Megalonyx, which means "giant claw", is a widespread North American genus that lived past the close of the last (Wisconsin) glaciation, when so many large mammals died out. Remains have been found as far north as Alaska and the Yukon. Ongoing excavations at Tarkio Valley in southwest Iowa may reveal something of the familial life of Megalonyx. An adult was found in direct association with two juveniles of different ages, suggesting that adults cared for young of different generations.

The earliest known North American megalonychid, Pliometanastes protistus, lived in Florida and the southern U.S. about 9 million years ago, and is believed to have been the predecessor of Megalonyx. Several species of Megalonyx have been named; in fact, a 2000 article by Harington et al. in Arctic claimed that "nearly every good specimen has been described as a different species". A broader perspective on the group, accounting for age, sex, individual and geographic differences, indicates that only three species are valid (M. leptostomus, M. wheatleyi, and M. jeffersonii) in the late Pliocene and Pleistocene of North America. Although work by McDonald lists five species.

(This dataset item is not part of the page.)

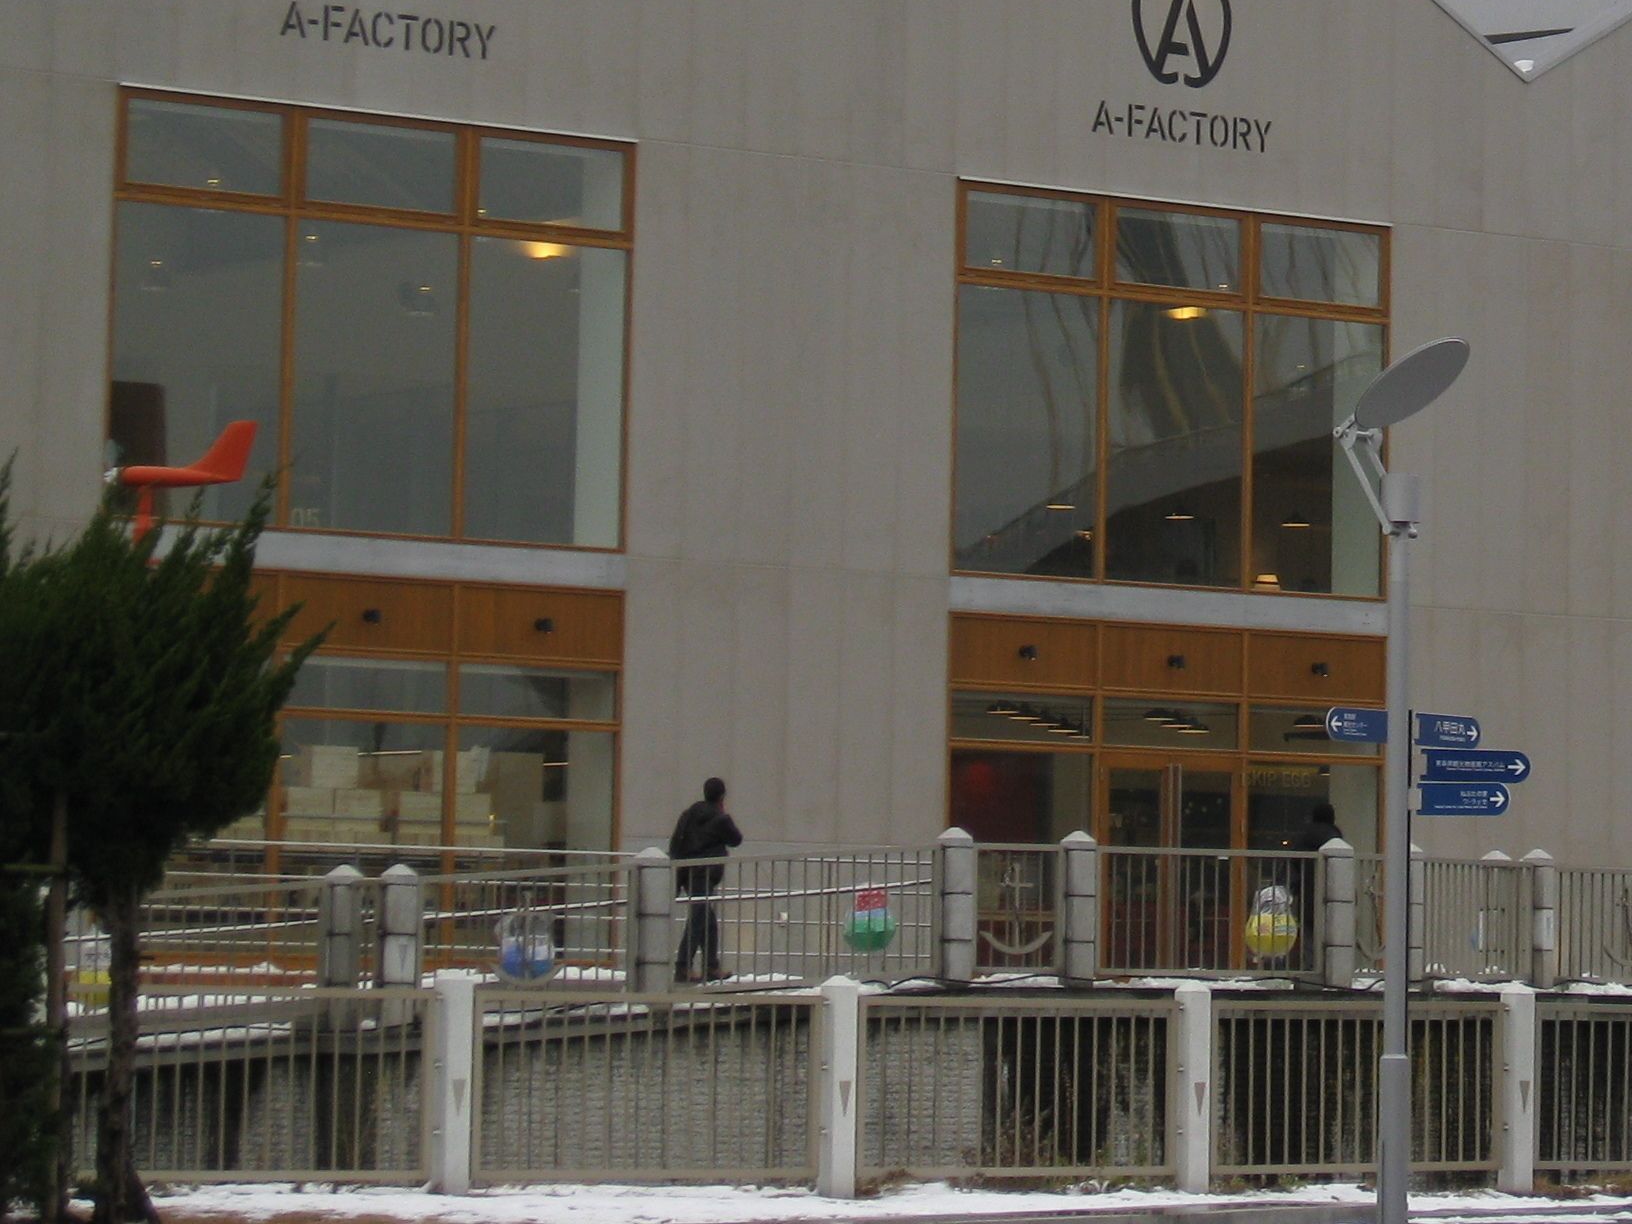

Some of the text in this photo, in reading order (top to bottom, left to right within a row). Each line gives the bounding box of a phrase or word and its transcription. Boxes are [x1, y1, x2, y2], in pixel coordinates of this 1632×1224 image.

[280, 1, 495, 59] A-FACTORY
[1092, 101, 1271, 152] A-FACTORY
[1434, 720, 1466, 734] 八甲田丸
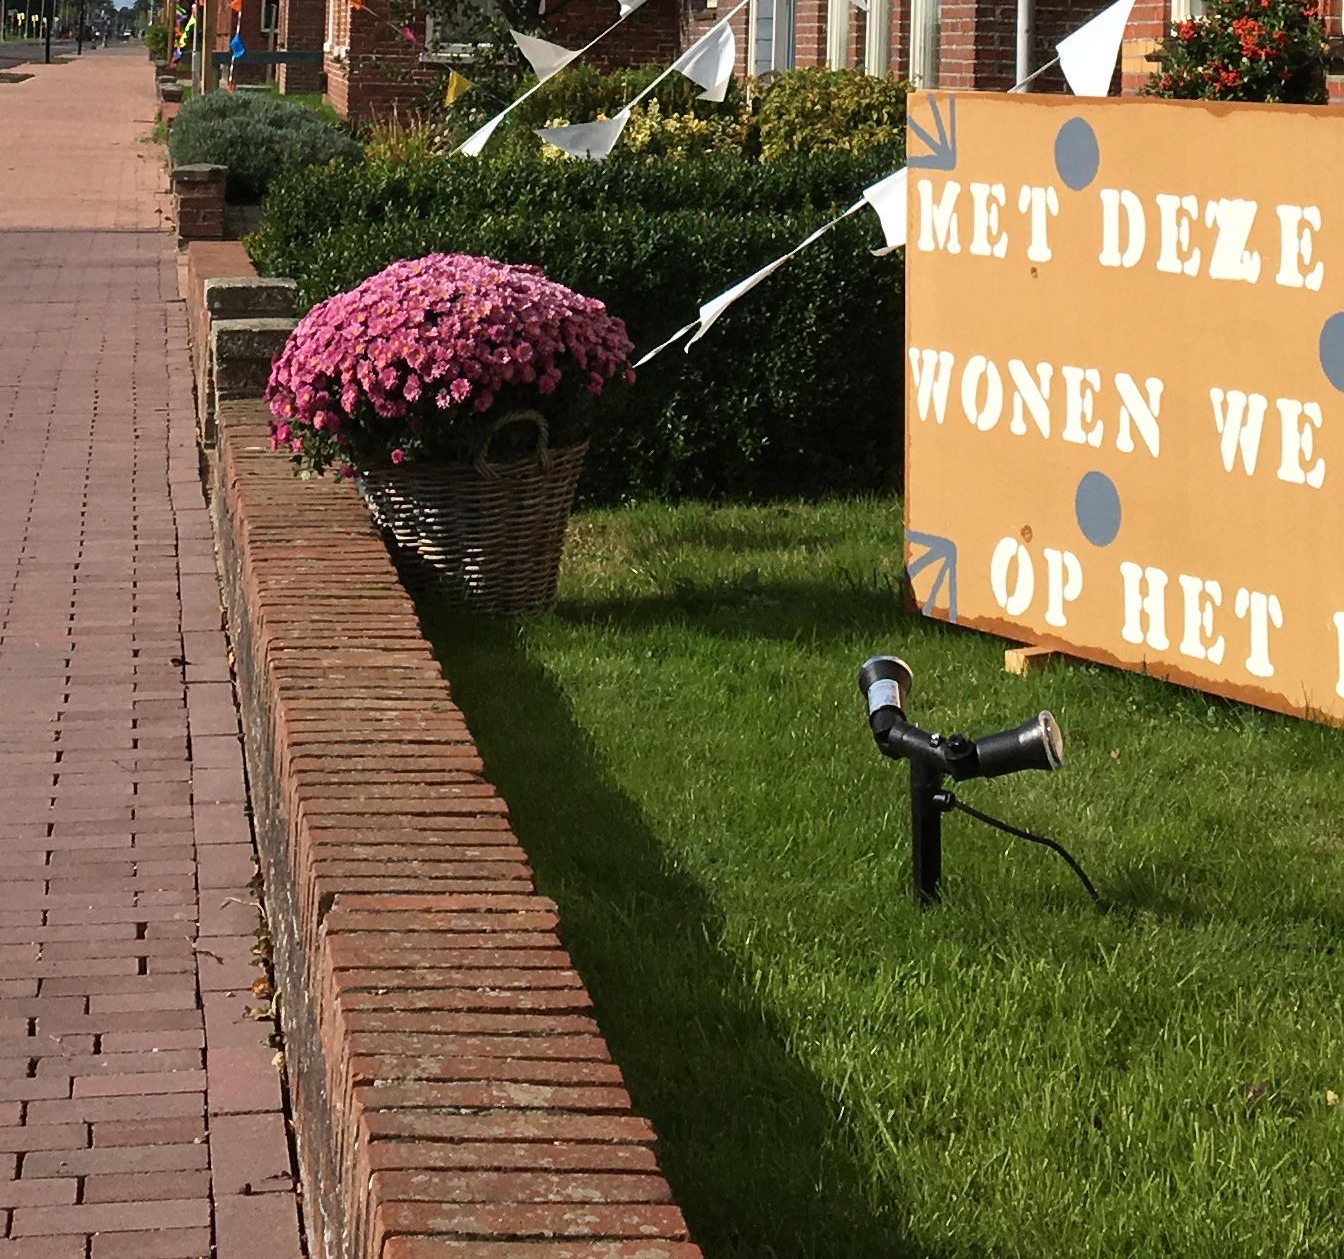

Jefferson's ground sloth has a special place in modern paleontology, for Thomas Jefferson's "memoir" on Megalonyx, read before the American Philosophical Society of Philadelphia, on 10 March 1797, marked the beginning of vertebrate paleontology in North America. Jefferson's paper was published, with an accompanying description and illustrations of the Megalonyx fossils by Casper Wistar, in 1799. When Lewis and Clark set out, Jefferson instructed Meriwether Lewis to keep an eye out for ground sloths. He was hoping they would find some living in the Western range. Megalonyx jeffersonii was named after Thomas Jefferson in 1822.

==Taxonomy ==

A morphological tree of Megalonychidae, based on the work of Stinnesbeck and colleagues (2021). (Note that this tree does not conform to genetic studies, as it includes the Caribbean sloths Neocnus, Parocnus Megalocnus and Arcatocnus which have been placed in the separate family Megalocnidae, well as the two toed sloths (Choloepus), which are placed in the clade Mylodontoidea).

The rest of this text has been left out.